Com os emergentes ganhando acesso a bens e lugares antes exclusivos das camadas médias e altas estabelecidas, diluiu-se parcialmente uma distinção baseada em padrões de consumo e acesso exclusivo a espaços privilegiados. Tal diluição provocou incômodo em segmentos dos setores estabelecidos, alimentando ressentimentos de algumas de suas parcelas e abrindo espaço para sua radicalização política - potencializada pelo discurso raivoso de certos publicistas da mídia tradicional e das novas mídias. As redes sociais engrossaram o fenômeno, pois formam uma subopinião pública que reitera sentimentos e convicções.

O alvo preferencial dessa radicalização foi o Partido dos Trabalhadores (PT), identificado como o principal responsável pelas políticas redistributivas. Se, por um lado, esse seu papel na modificação da estratificação social no Brasil provocou ressentimentos, por outro, seu envolvimento em seguidos escândalos de corrupção agravou o quadro. E isso porque teve um duplo efeito. Em primeiro lugar, potencializou e ampliou para segmentos mais amplos das camadas estabelecidas o rechaço antes restrito aos segmentos ressentidos. Em segundo lugar, forneceu uma justificativa moralmente mais edificante aos seus detratores, que não precisariam encampar abertamente (ou exclusivamente) o discurso contrário à redução das desigualdades - ou, para ser mais preciso, às políticas que lhe promovem.
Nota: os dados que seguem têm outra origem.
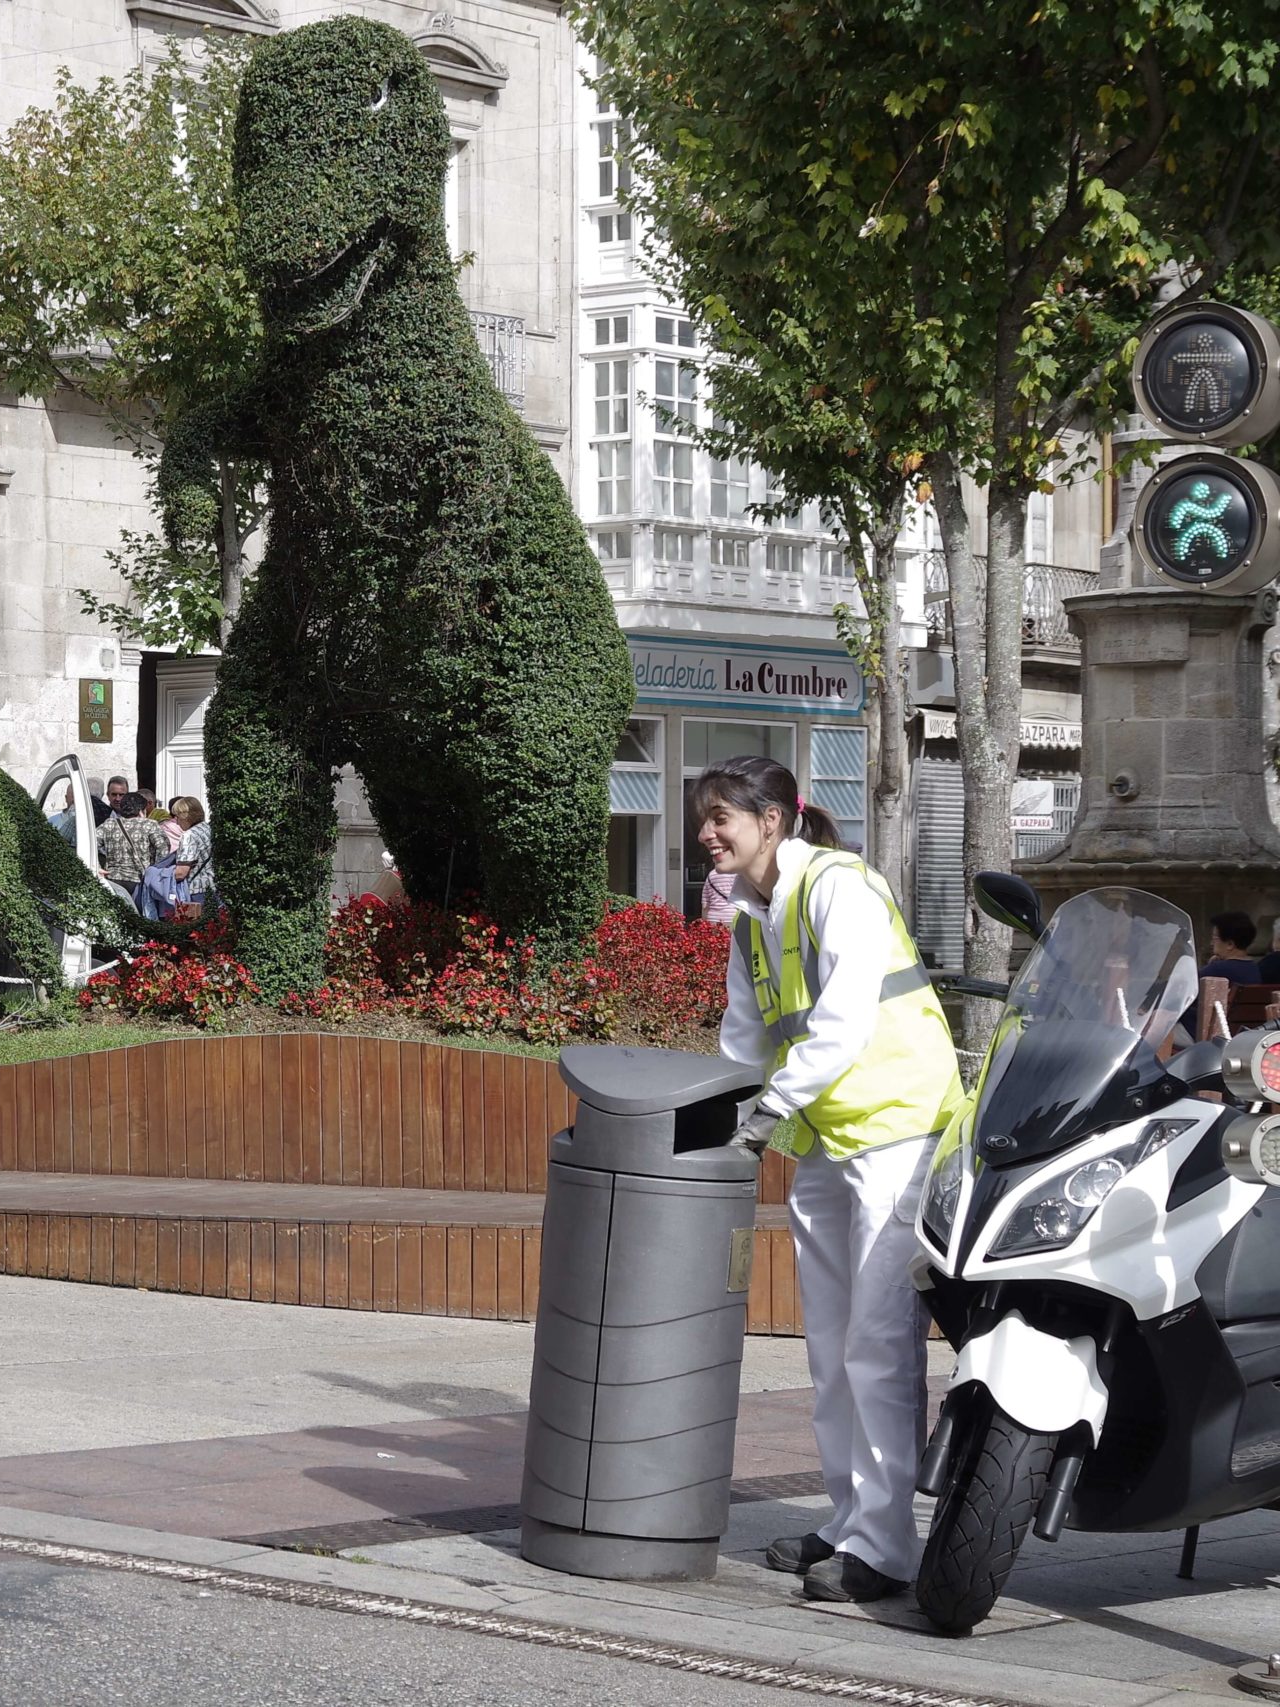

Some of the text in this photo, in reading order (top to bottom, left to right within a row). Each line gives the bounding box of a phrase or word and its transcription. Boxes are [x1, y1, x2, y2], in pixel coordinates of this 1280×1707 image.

[633, 652, 848, 699] eladería La Cumbre
[1019, 725, 1066, 742] GAZPARA
[1020, 818, 1051, 827] GAZPARA
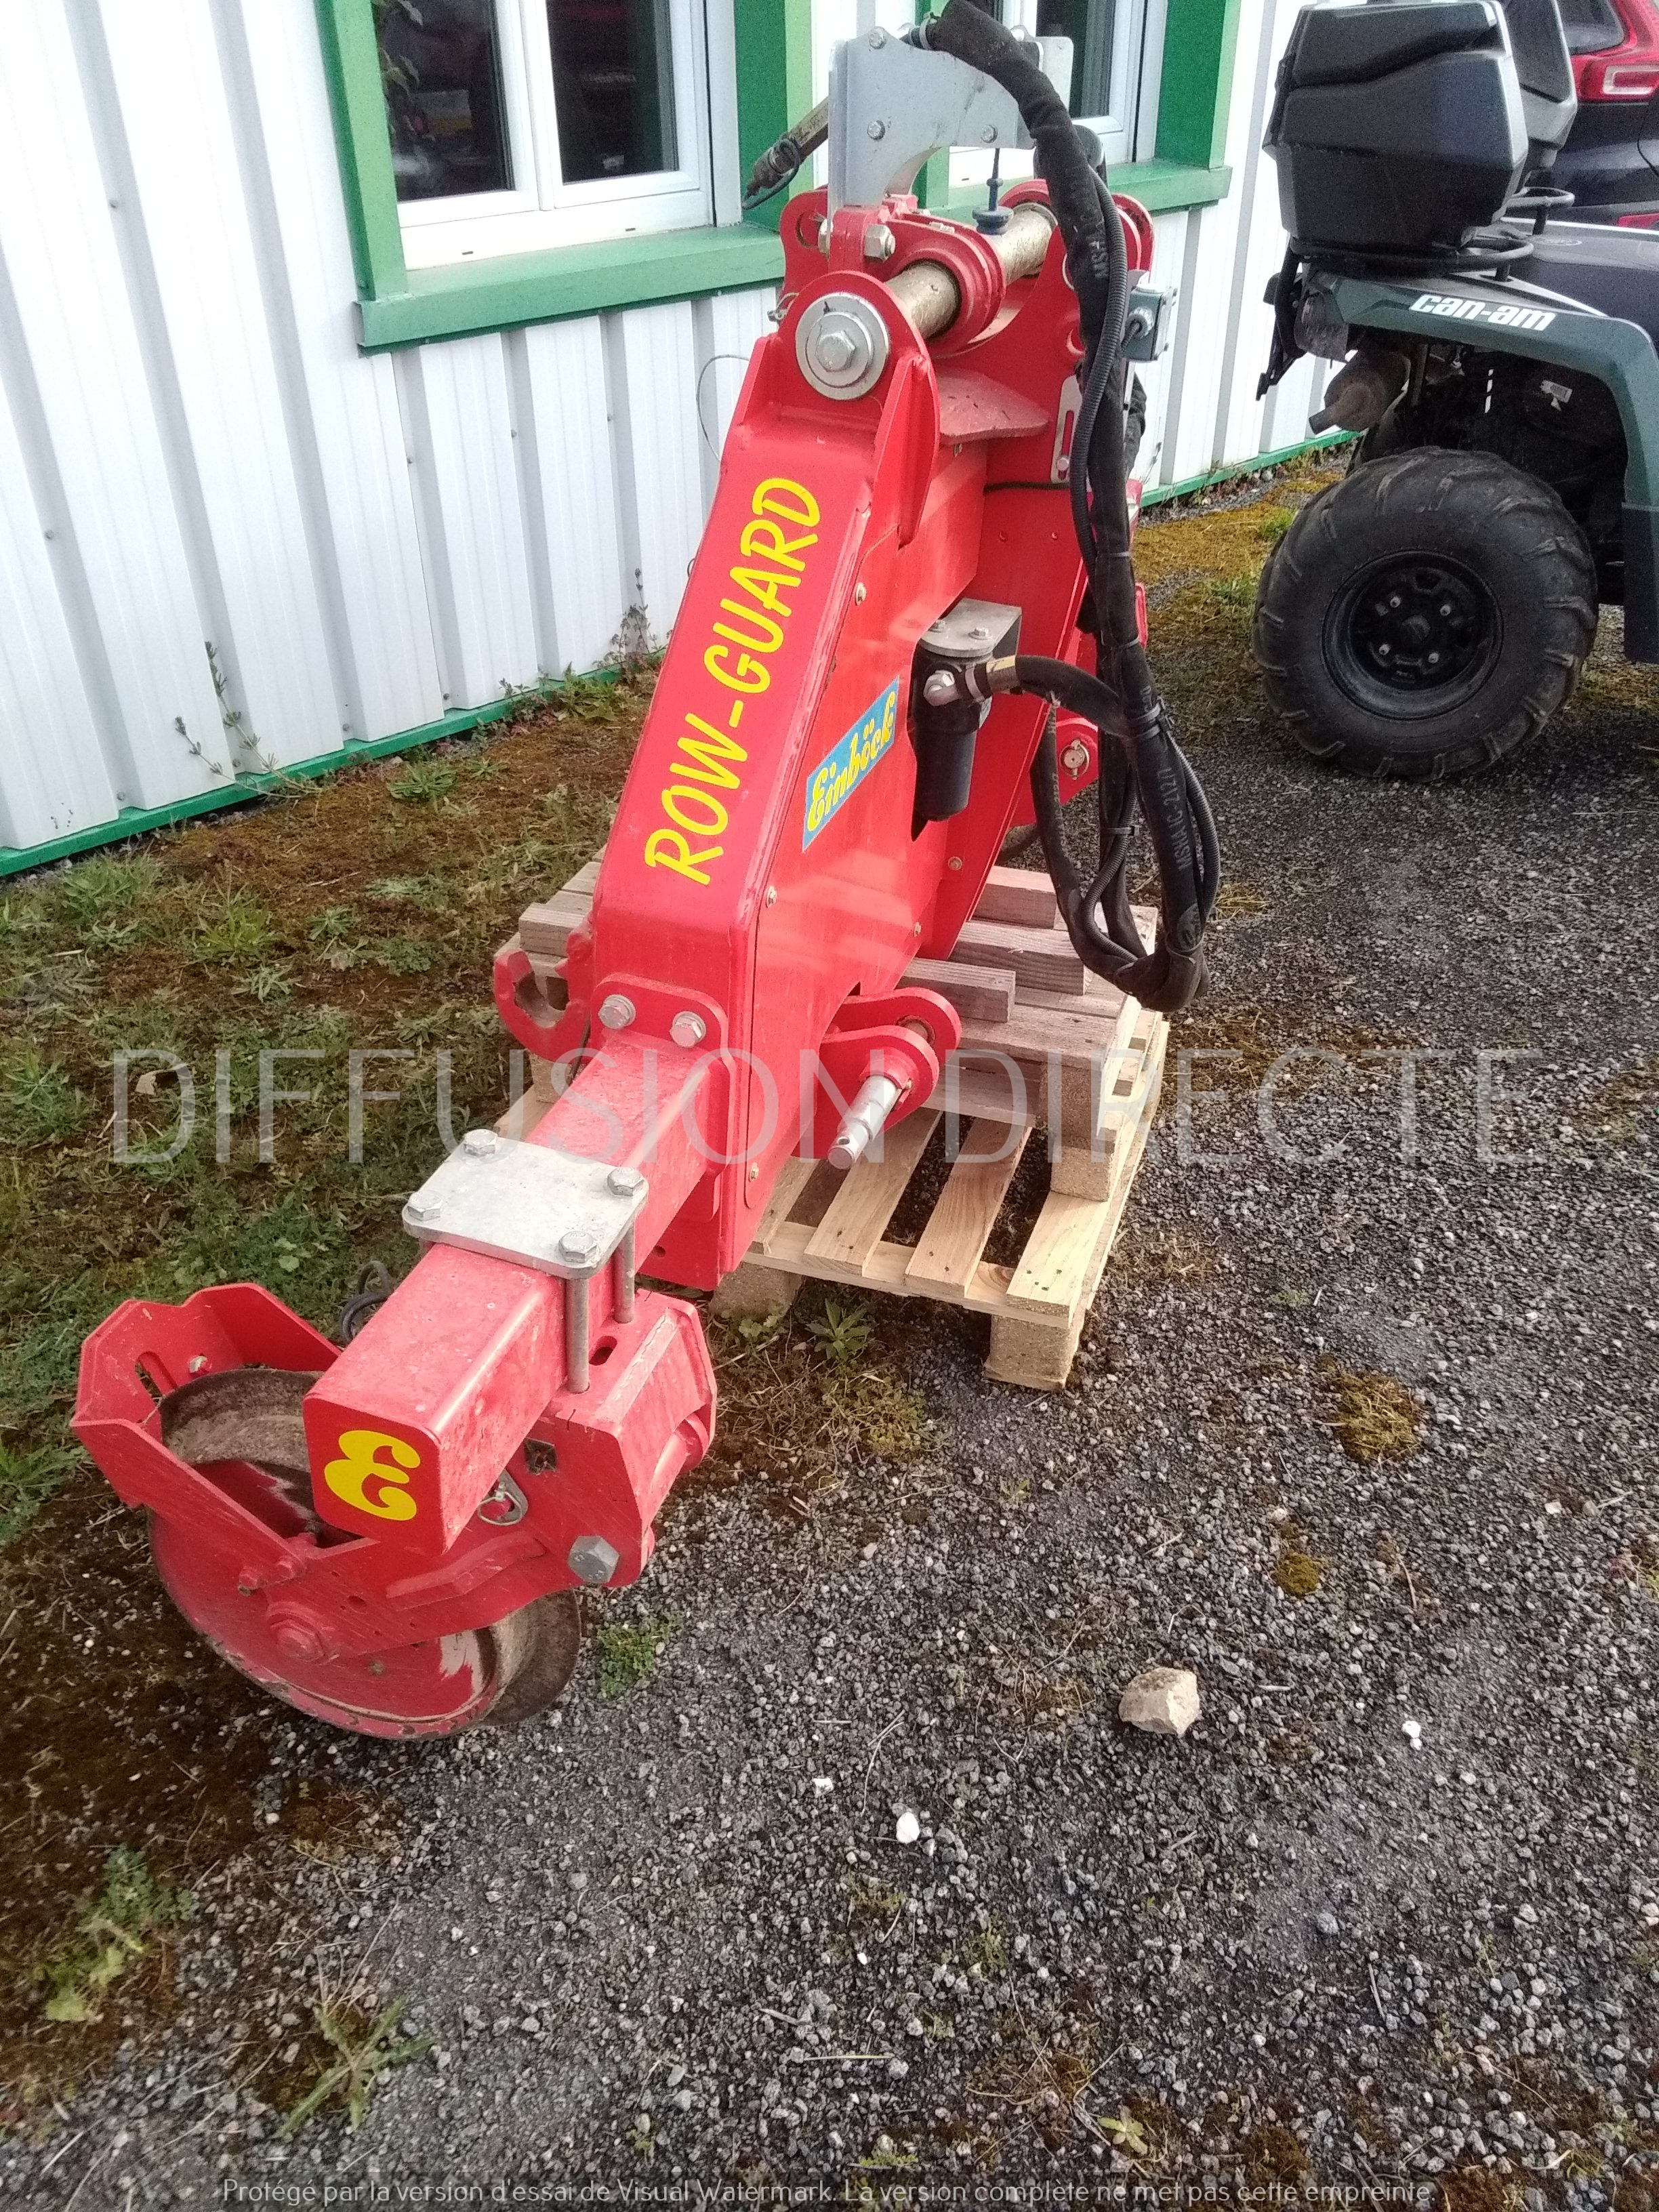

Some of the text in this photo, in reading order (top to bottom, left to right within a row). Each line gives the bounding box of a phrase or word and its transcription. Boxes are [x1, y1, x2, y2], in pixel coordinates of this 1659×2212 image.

[1408, 294, 1556, 331] can-am
[644, 476, 821, 885] ROW-GUARD
[808, 690, 896, 832] Einböck
[1170, 825, 1193, 871] MSHA
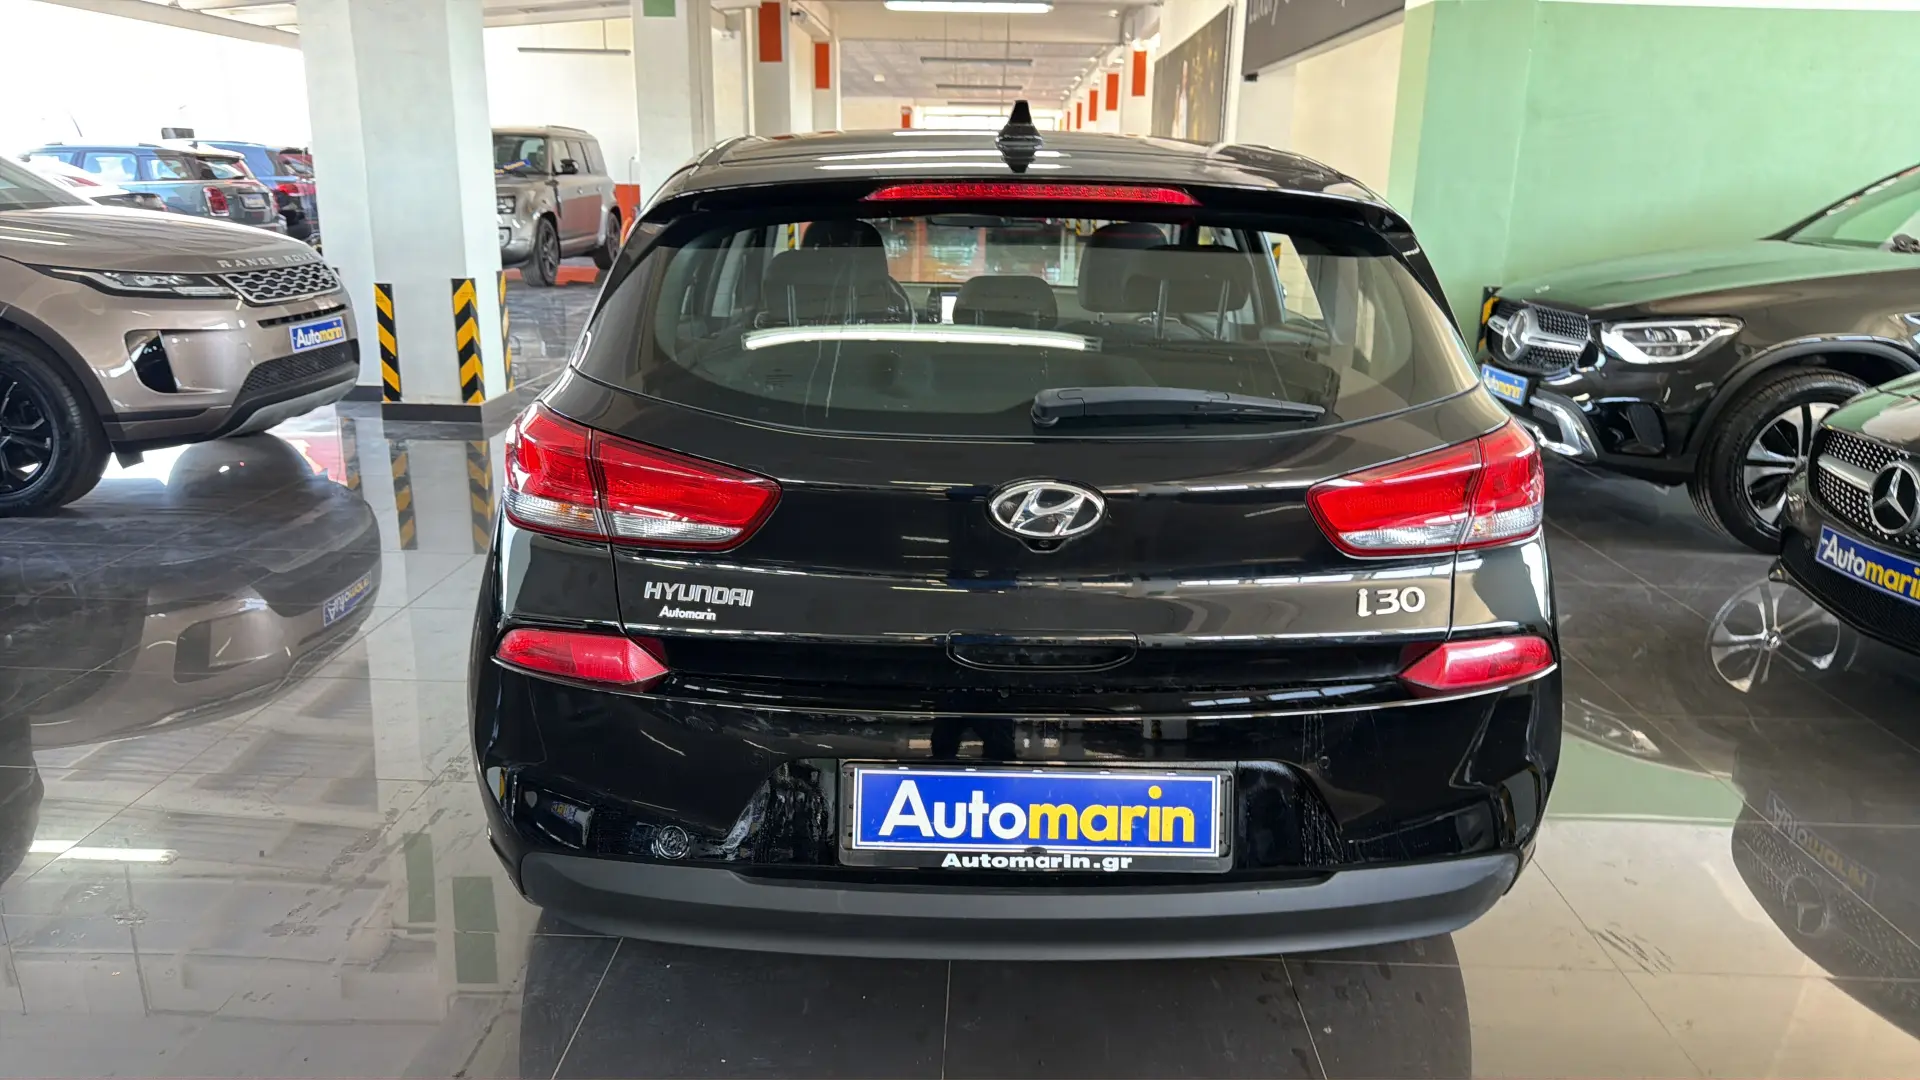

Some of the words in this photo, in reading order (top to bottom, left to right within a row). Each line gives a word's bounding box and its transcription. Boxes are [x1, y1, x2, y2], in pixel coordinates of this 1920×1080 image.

[283, 251, 315, 265] ROVE
[1822, 534, 1920, 600] Automari
[643, 581, 754, 607] HYUNDAI
[658, 605, 717, 621] Automarin
[878, 779, 1195, 843] Automarin
[941, 853, 1133, 872] Automarin.gr
O que já era difícil tornou-se pior com a estagnação dos anos de Dilma Rousseff, que pôs freio ao contínuo incremento dos padrões de vida (e expectativas) ocorrido desde a implantação do Plano Real. Se os setores emergentes já se mostravam insatisfeitos com a baixa qualidade dos serviços públicos, mais universalizados do que no passado, porém ainda de qualidade ruim, decepcionaram-se também com a paralisação de seu progresso econômico. A chamada 'classe C', tornada consumidora voraz de bens privados, mas ainda usuária intensiva de serviços públicos, experimentara uma melhoria significativa de suas condições de vida "da porta de casa para dentro", sem correspondência na vida "da porta de casa para fora". A debacle econômica fez com que mesmo da porta de casa para dentro as coisas ficassem insatisfatórias.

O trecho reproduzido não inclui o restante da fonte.